#### RECORD EXTRACTS ####

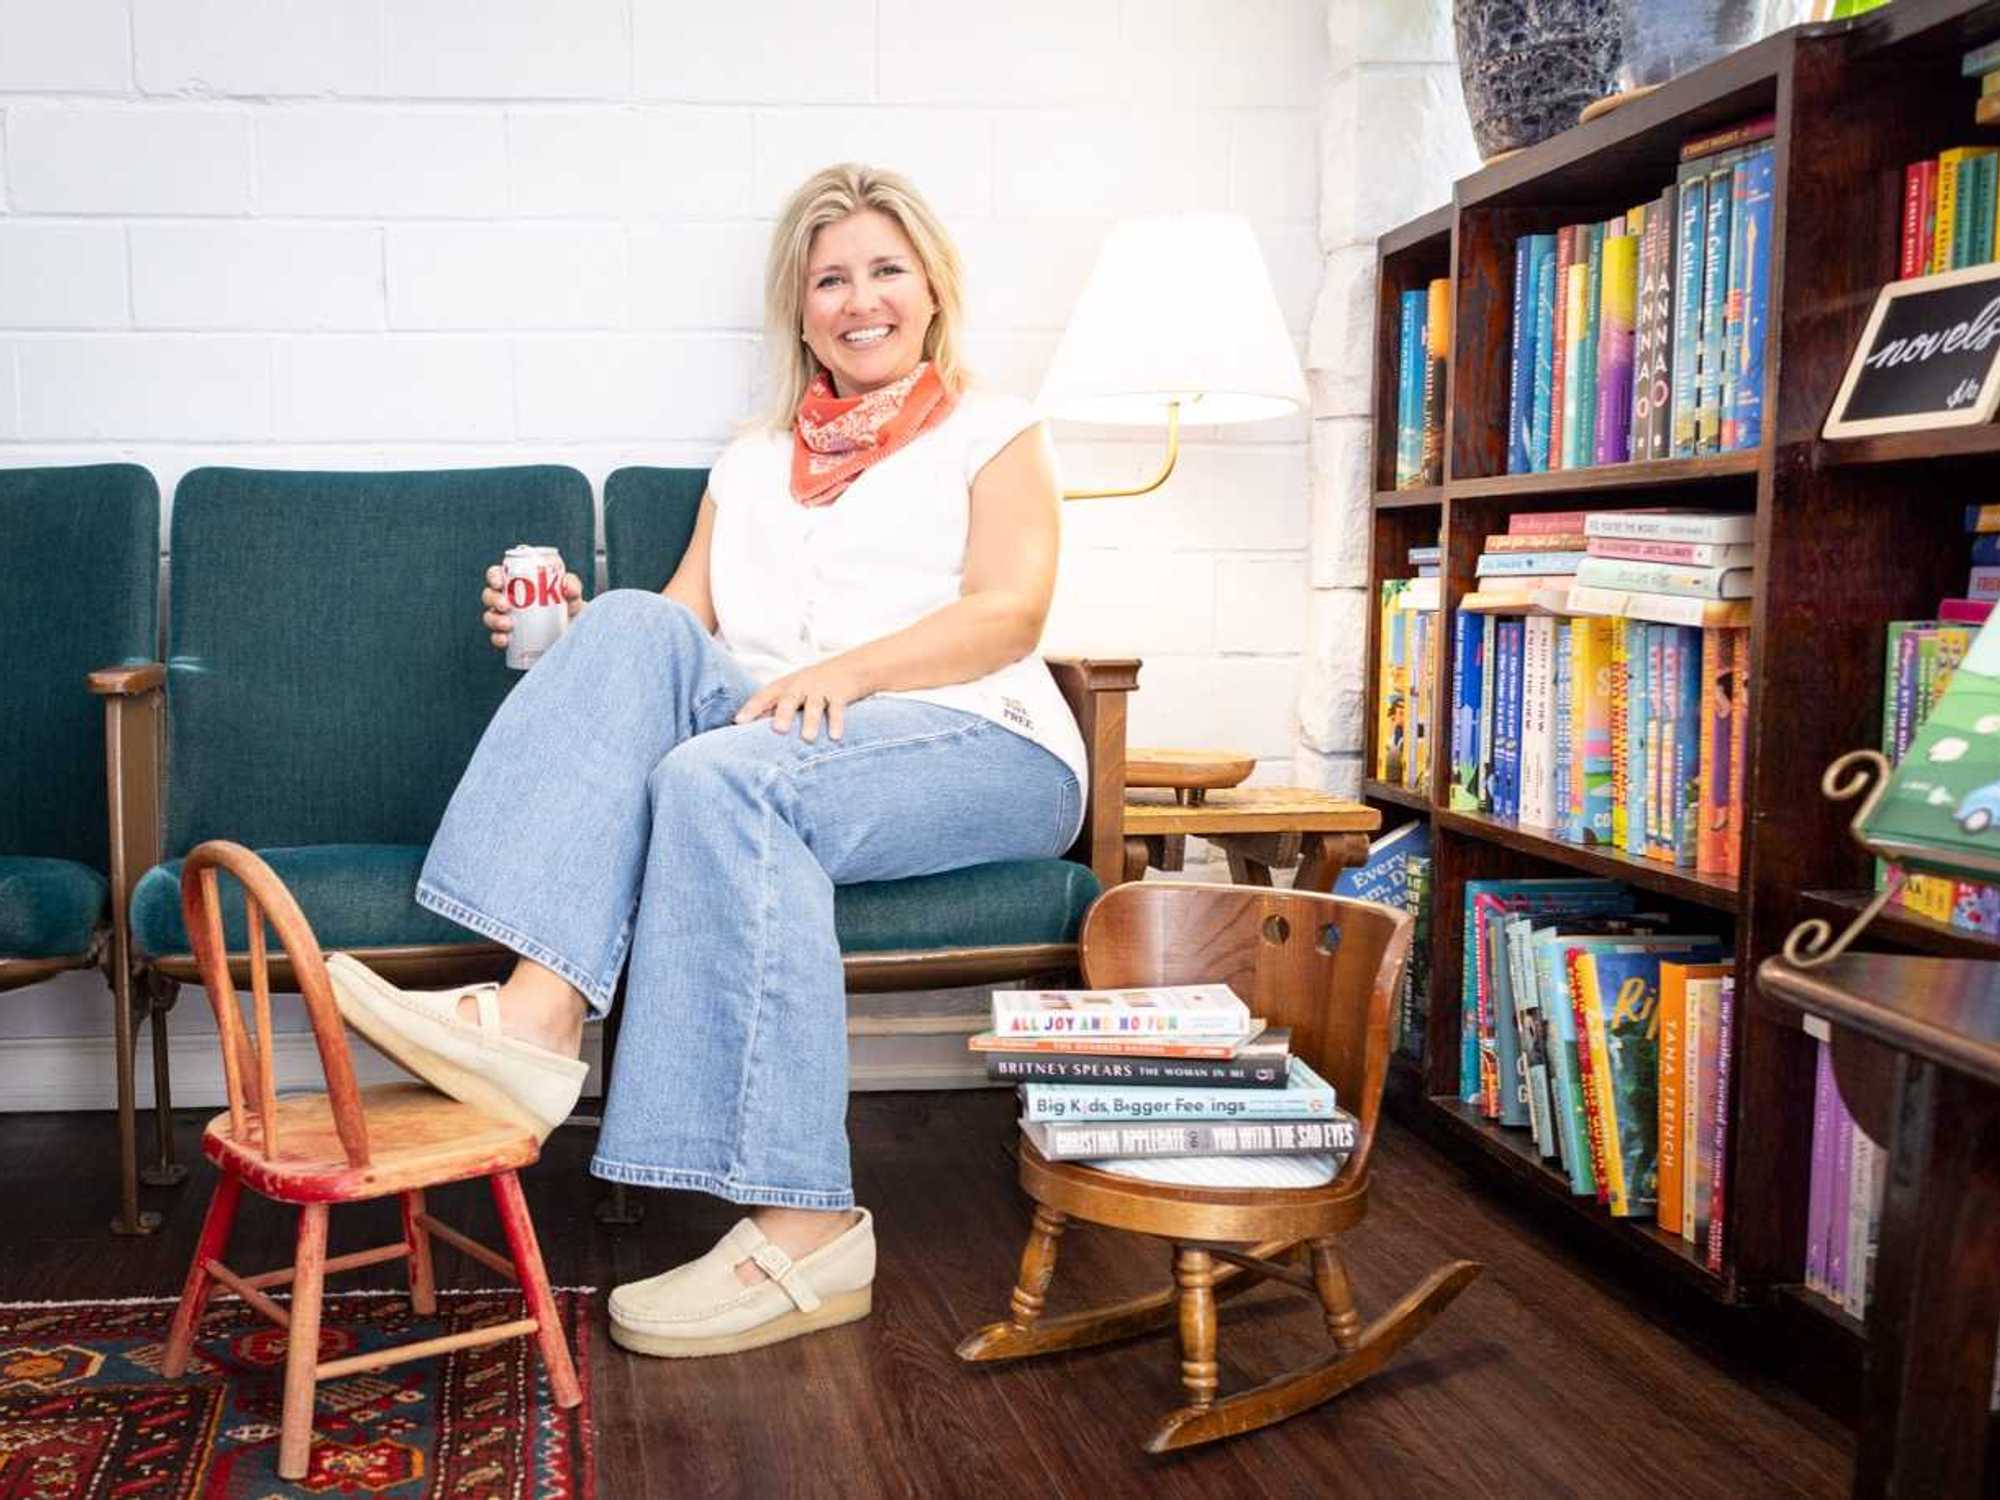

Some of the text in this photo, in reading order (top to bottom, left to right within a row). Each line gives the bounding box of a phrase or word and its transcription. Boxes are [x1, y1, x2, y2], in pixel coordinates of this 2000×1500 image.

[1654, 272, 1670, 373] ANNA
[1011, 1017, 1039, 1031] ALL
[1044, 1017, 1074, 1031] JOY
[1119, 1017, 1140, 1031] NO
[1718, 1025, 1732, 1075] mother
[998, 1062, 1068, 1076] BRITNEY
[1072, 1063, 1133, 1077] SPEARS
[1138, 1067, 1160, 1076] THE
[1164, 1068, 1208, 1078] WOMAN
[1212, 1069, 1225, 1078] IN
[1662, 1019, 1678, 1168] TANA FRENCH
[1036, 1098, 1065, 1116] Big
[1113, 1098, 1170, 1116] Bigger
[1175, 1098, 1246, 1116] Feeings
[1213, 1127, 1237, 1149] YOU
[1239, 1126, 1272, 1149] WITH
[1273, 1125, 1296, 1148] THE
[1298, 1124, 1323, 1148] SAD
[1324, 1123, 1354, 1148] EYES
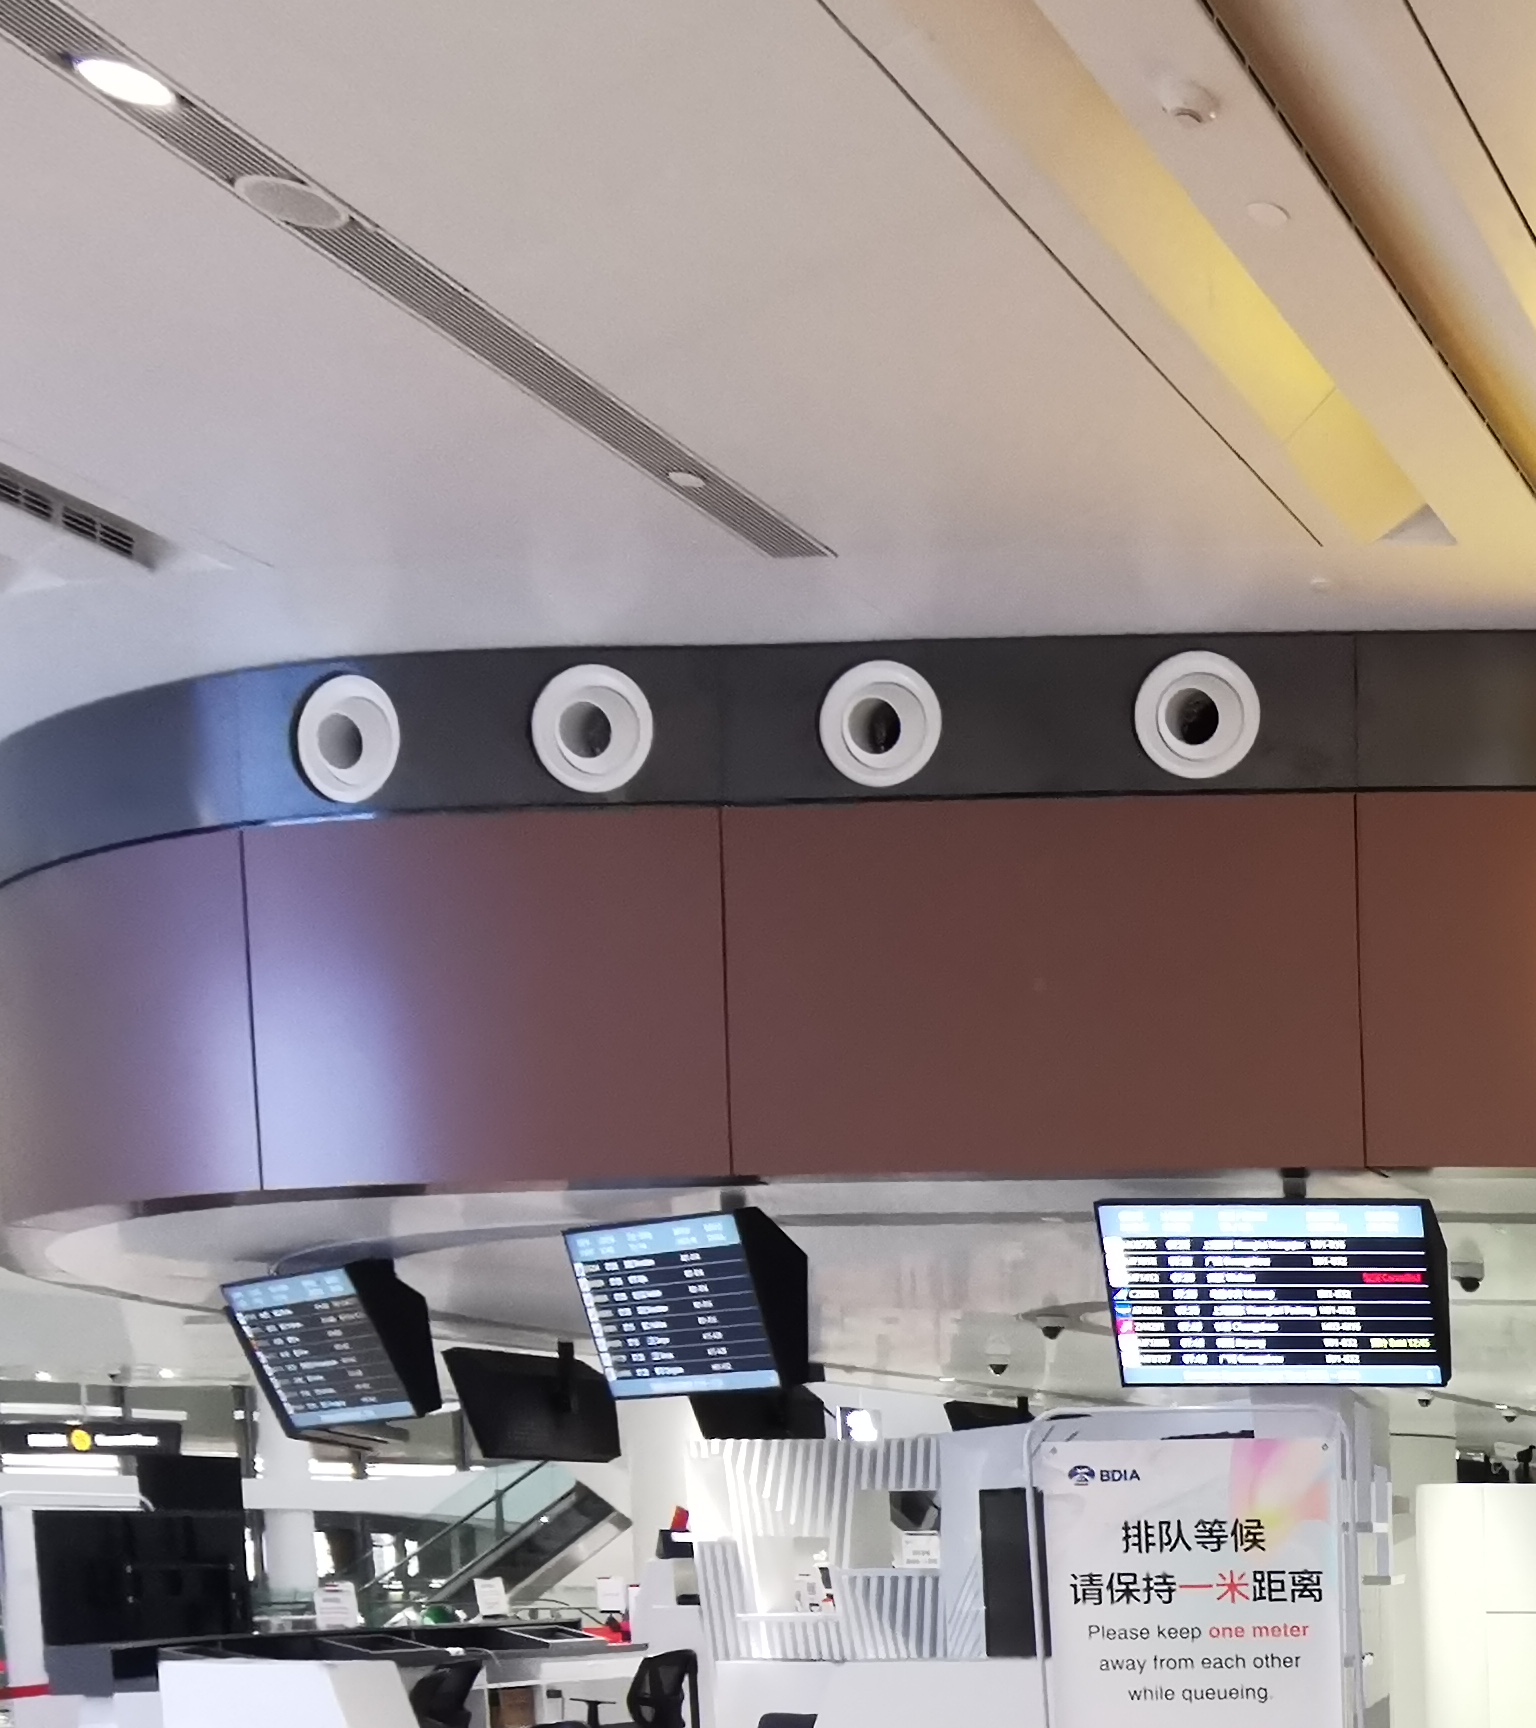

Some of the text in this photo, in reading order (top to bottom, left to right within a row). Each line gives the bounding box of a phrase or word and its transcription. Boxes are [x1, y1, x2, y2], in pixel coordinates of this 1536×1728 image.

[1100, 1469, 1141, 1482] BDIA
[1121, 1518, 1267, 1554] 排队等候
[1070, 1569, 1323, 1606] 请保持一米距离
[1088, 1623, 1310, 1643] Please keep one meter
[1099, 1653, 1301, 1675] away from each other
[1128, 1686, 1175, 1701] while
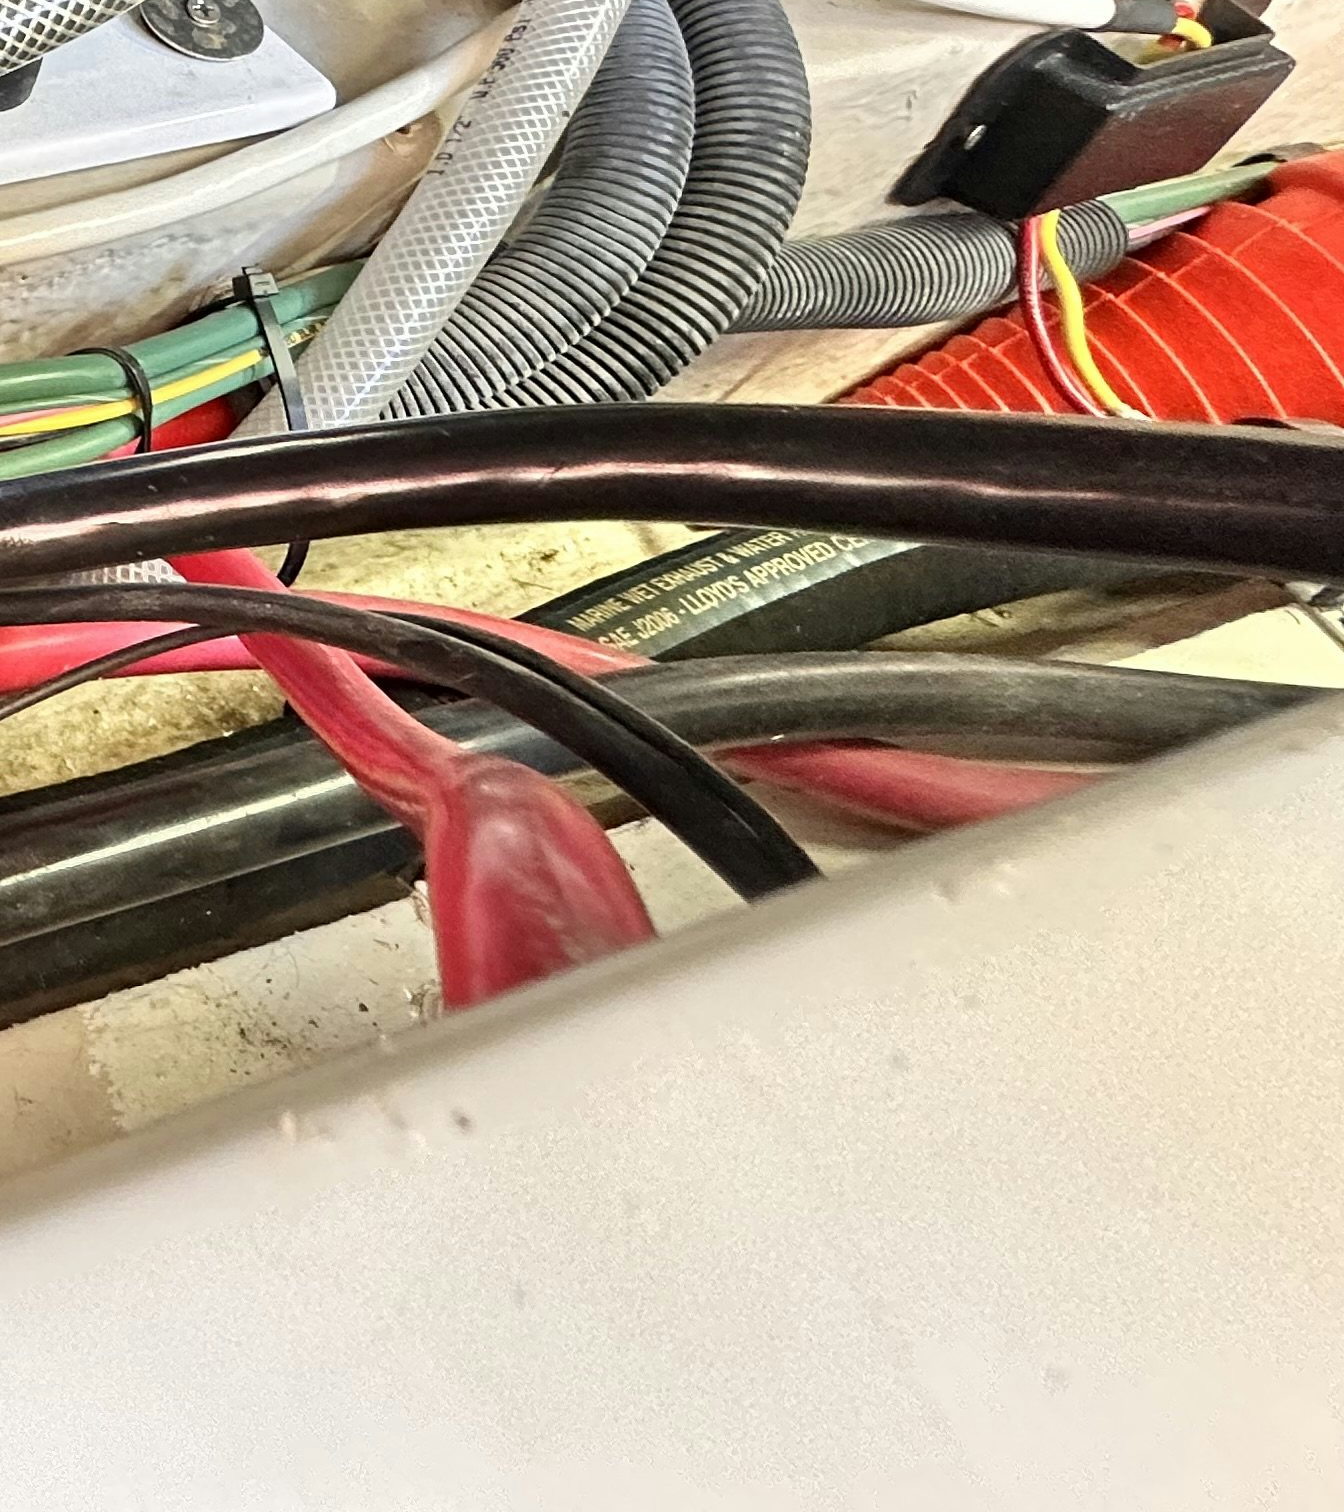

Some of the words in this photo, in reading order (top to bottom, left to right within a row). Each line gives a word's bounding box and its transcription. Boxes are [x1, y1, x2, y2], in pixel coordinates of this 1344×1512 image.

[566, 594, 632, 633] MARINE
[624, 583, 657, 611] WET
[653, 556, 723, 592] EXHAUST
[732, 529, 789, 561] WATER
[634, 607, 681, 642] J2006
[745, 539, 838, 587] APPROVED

####

WHAT YOU HAVE TO DO: Extract every line from the one containing "Some of the words" through the last line of the data, inclusive, exactly as written.

PROBLEM SOLUTION:
Some of the words in this photo, in reading order (top to bottom, left to right within a row). Each line gives a word's bounding box and its transcription. Boxes are [x1, y1, x2, y2], in pixel coordinates of this 1344×1512 image.

[566, 594, 632, 633] MARINE
[624, 583, 657, 611] WET
[653, 556, 723, 592] EXHAUST
[732, 529, 789, 561] WATER
[634, 607, 681, 642] J2006
[745, 539, 838, 587] APPROVED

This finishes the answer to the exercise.